> _What to work on_:
Return each entry below word for word, leaving out any image.

> _Free-text object descriptions_:
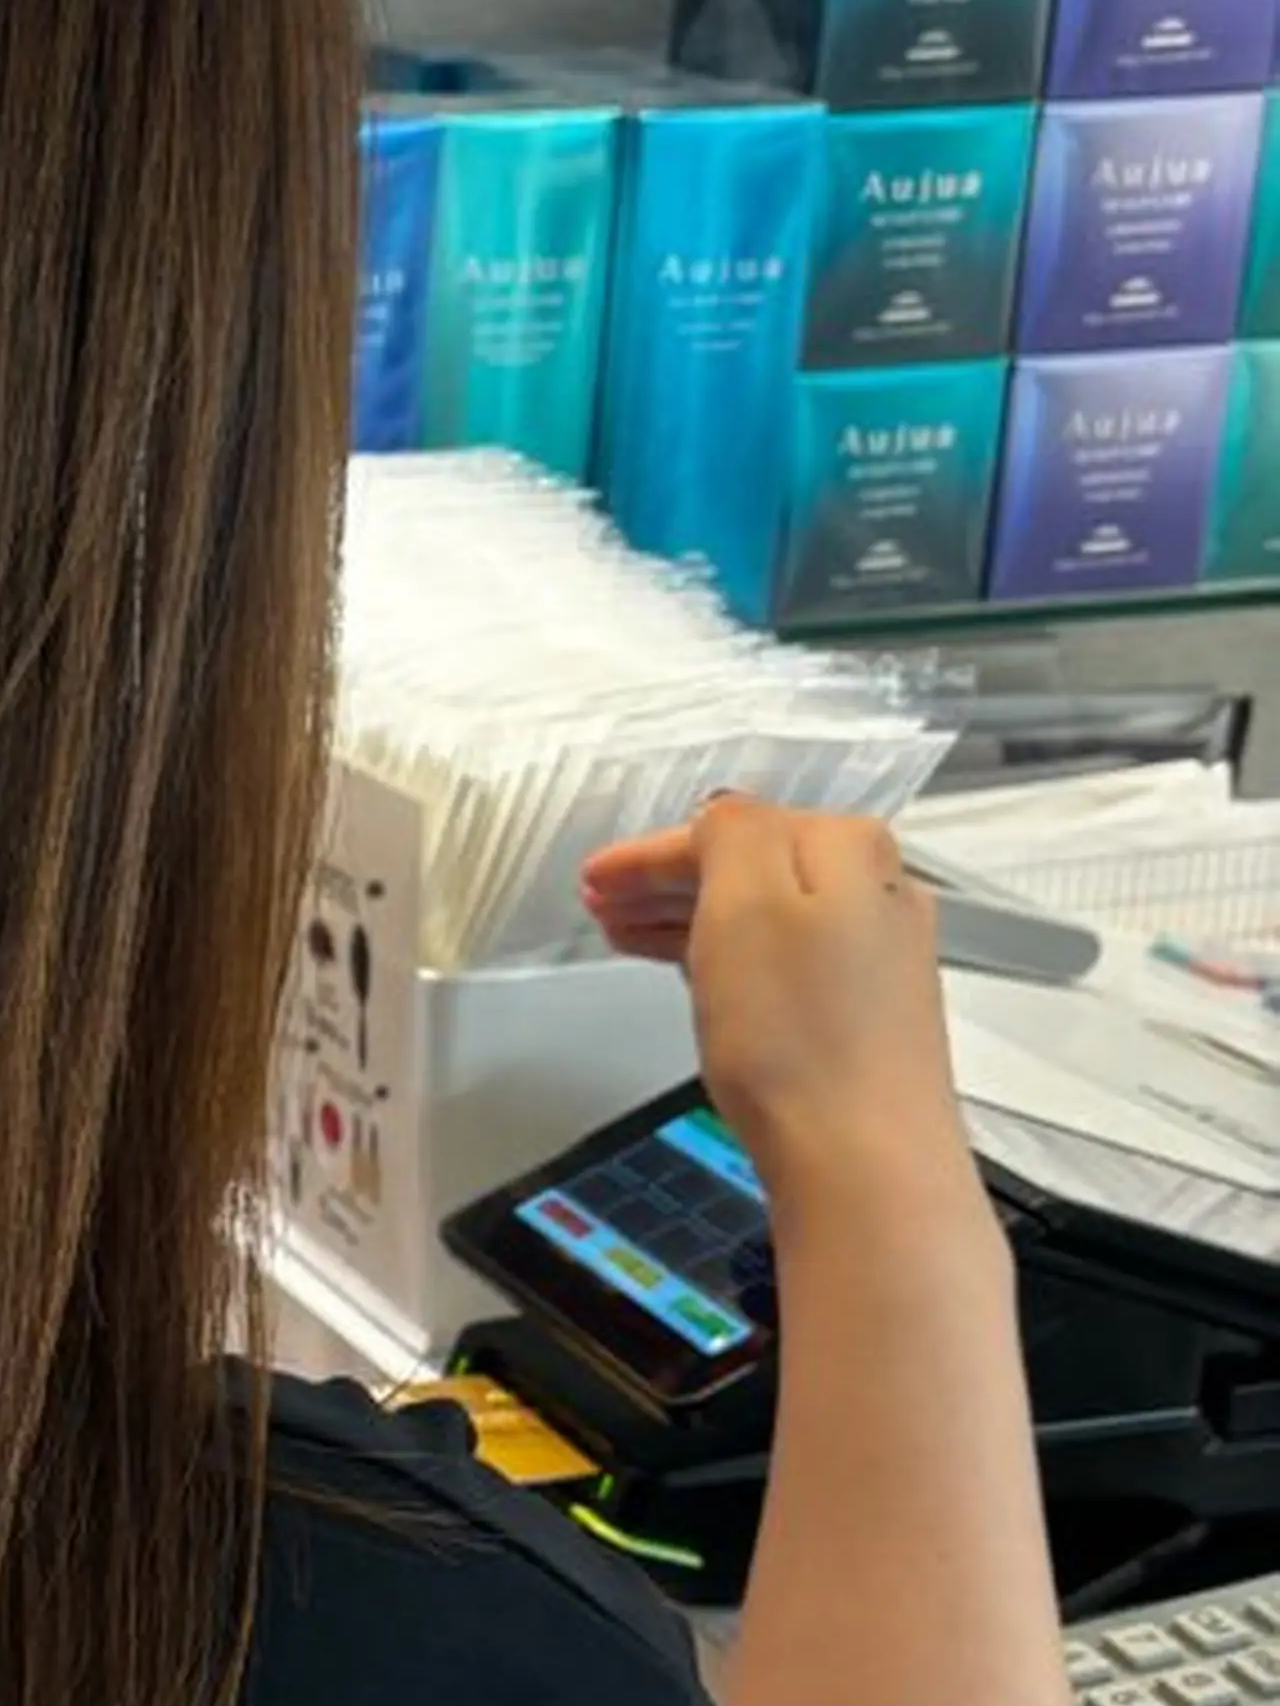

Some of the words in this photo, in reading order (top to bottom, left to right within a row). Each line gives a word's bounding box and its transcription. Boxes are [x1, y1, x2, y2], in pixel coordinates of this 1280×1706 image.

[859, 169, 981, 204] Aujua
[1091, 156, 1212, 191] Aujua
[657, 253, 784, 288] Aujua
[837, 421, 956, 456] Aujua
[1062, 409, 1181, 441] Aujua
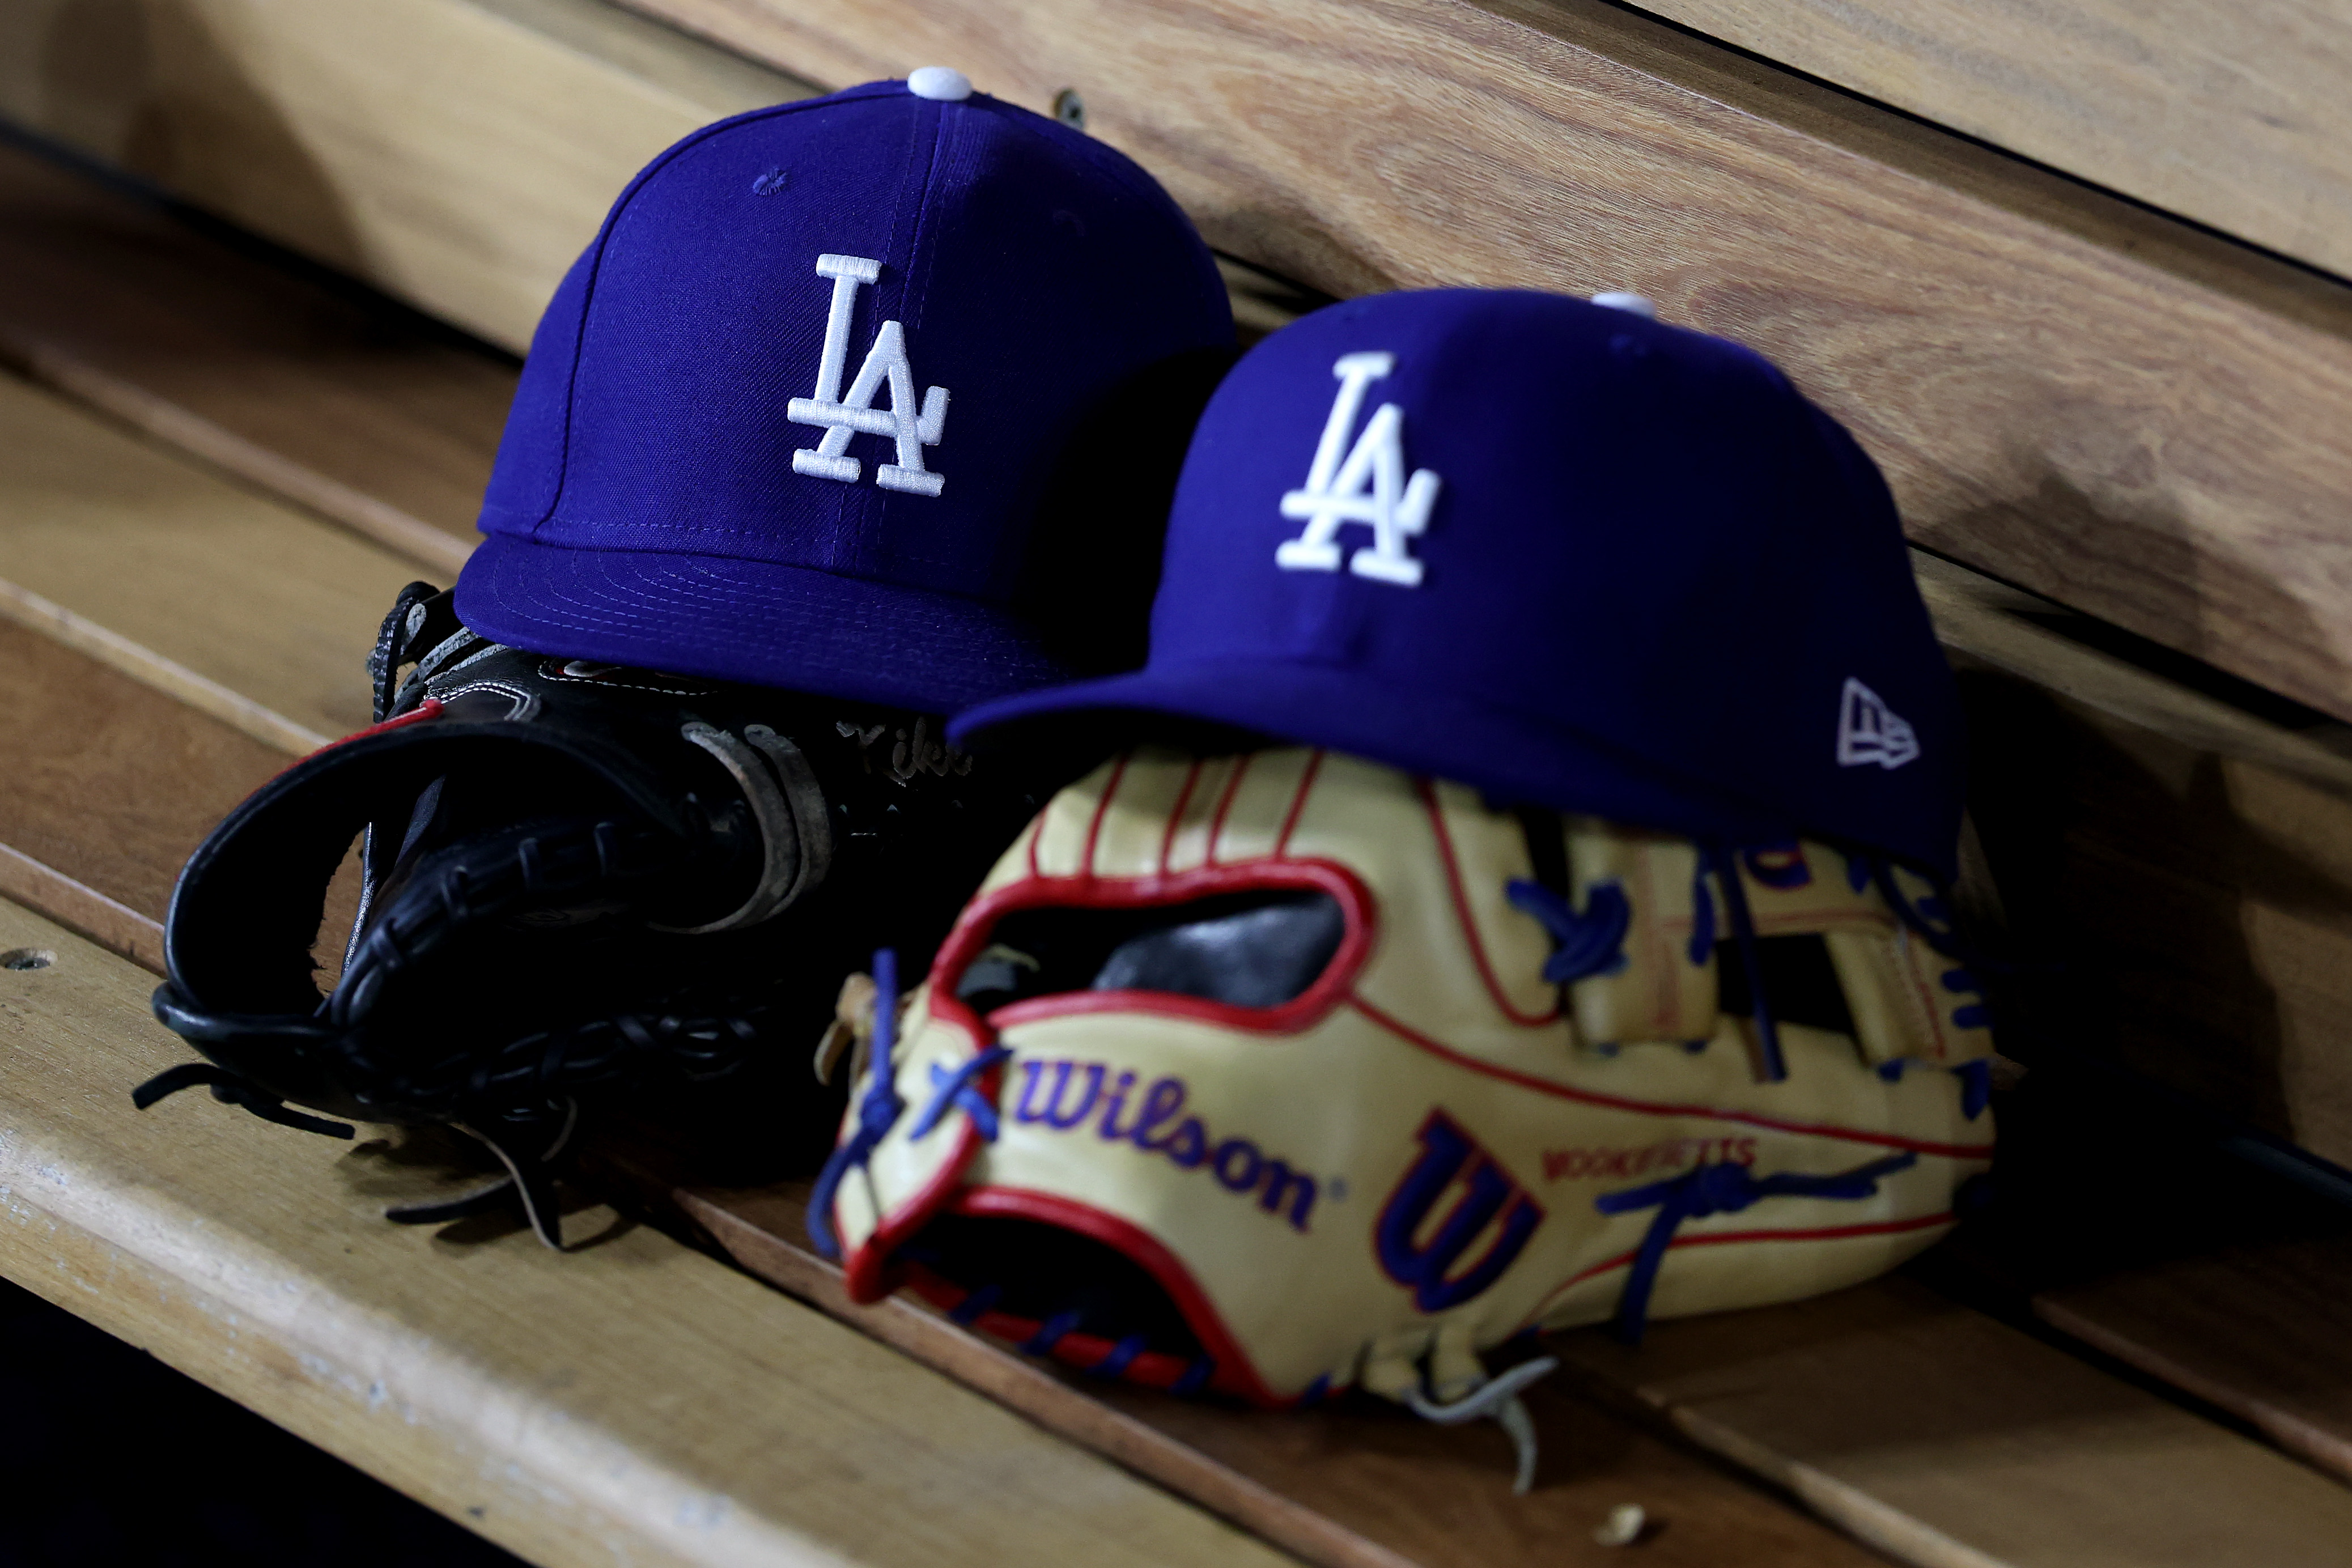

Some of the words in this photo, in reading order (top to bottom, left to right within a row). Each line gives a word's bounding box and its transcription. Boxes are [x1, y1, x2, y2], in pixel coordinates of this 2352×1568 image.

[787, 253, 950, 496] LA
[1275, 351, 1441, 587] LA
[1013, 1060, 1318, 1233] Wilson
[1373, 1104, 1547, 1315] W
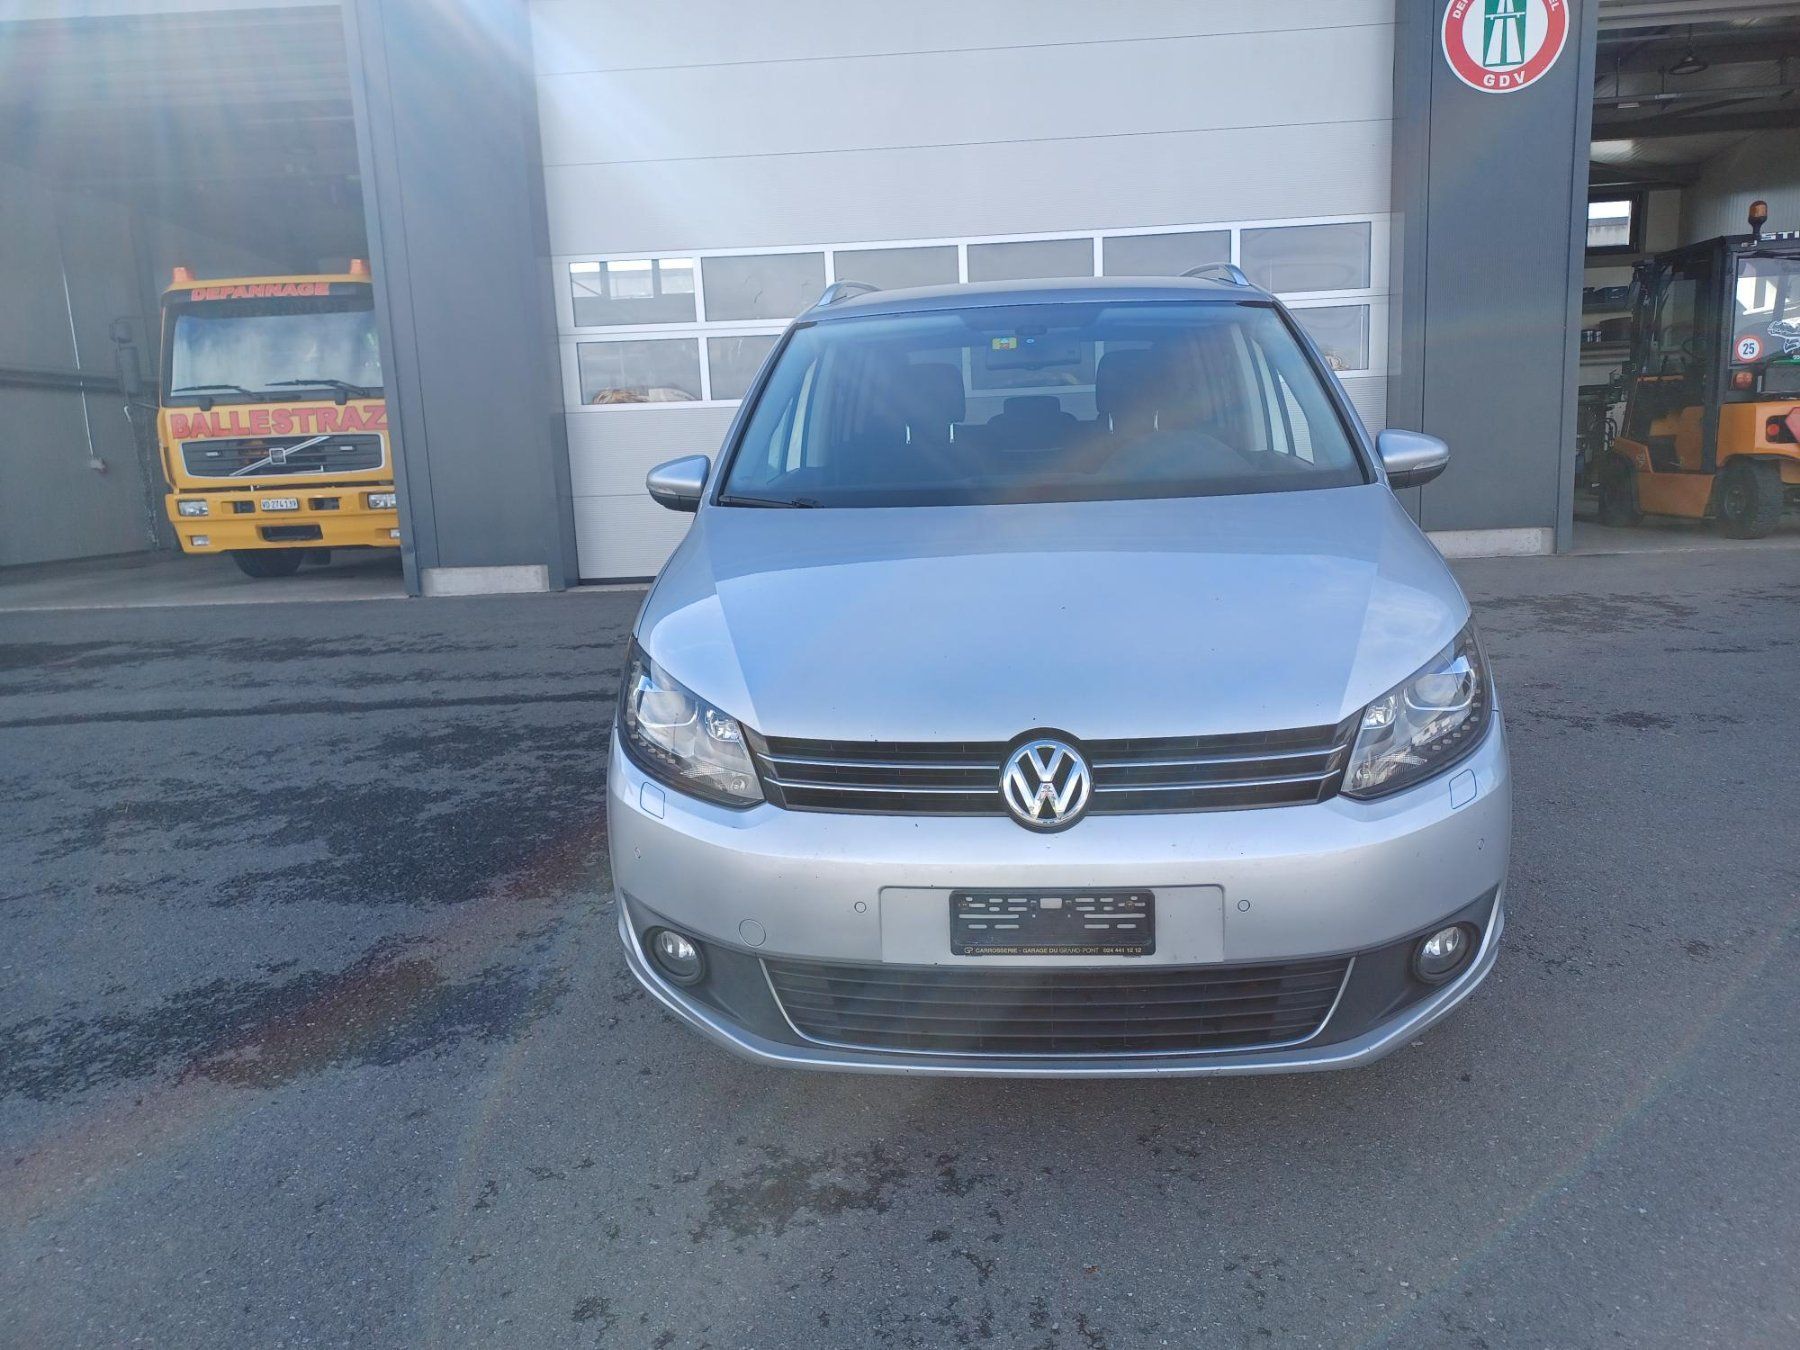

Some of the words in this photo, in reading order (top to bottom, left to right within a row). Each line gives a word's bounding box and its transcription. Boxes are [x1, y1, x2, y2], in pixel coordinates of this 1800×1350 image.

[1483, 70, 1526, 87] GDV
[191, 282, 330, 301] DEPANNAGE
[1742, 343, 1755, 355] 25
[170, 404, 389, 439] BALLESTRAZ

> _Exercise answer_:
Some of the words in this photo, in reading order (top to bottom, left to right within a row). Each line gives a word's bounding box and its transcription. Boxes are [x1, y1, x2, y2], in pixel coordinates of this 1280×1706 image.

[859, 169, 981, 204] Aujua
[1091, 156, 1212, 191] Aujua
[657, 253, 784, 288] Aujua
[837, 421, 956, 456] Aujua
[1062, 409, 1181, 441] Aujua

Some of the words in this photo, in reading order (top to bottom, left to right within a row). Each line gives a word's bounding box and its transcription. Boxes are [x1, y1, x2, y2], in pixel coordinates of this 2352×1568 image.

[787, 253, 950, 496] LA
[1275, 351, 1441, 587] LA
[1013, 1060, 1318, 1233] Wilson
[1373, 1104, 1547, 1315] W

Some of the words in this photo, in reading order (top to bottom, left to right within a row). Each line gives a word's bounding box and its transcription. Boxes are [x1, y1, x2, y2], in pixel coordinates of this 1800×1350 image.

[1483, 70, 1526, 87] GDV
[191, 282, 330, 301] DEPANNAGE
[1742, 343, 1755, 355] 25
[170, 404, 389, 439] BALLESTRAZ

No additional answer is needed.